Input for this task START

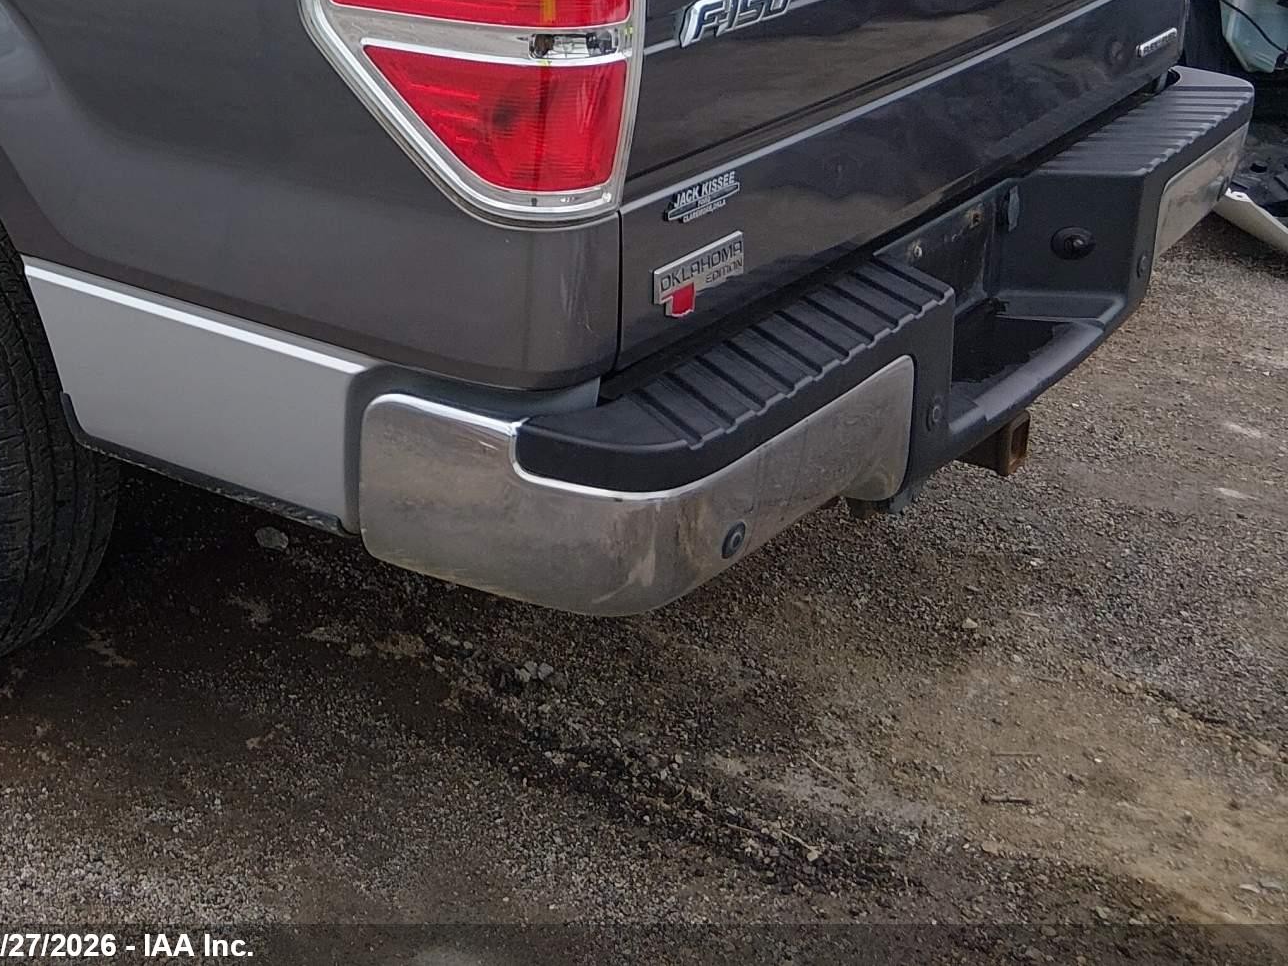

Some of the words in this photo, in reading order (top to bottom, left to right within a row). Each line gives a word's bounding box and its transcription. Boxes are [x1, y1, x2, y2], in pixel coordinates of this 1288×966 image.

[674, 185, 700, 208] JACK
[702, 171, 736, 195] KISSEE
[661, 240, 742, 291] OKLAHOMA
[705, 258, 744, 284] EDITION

Input for this task END

● About this task
Skipping the pictures, output the entries exactly as they appear above.

● Your response
Some of the words in this photo, in reading order (top to bottom, left to right within a row). Each line gives a word's bounding box and its transcription. Boxes are [x1, y1, x2, y2], in pixel coordinates of this 1288×966 image.

[674, 185, 700, 208] JACK
[702, 171, 736, 195] KISSEE
[661, 240, 742, 291] OKLAHOMA
[705, 258, 744, 284] EDITION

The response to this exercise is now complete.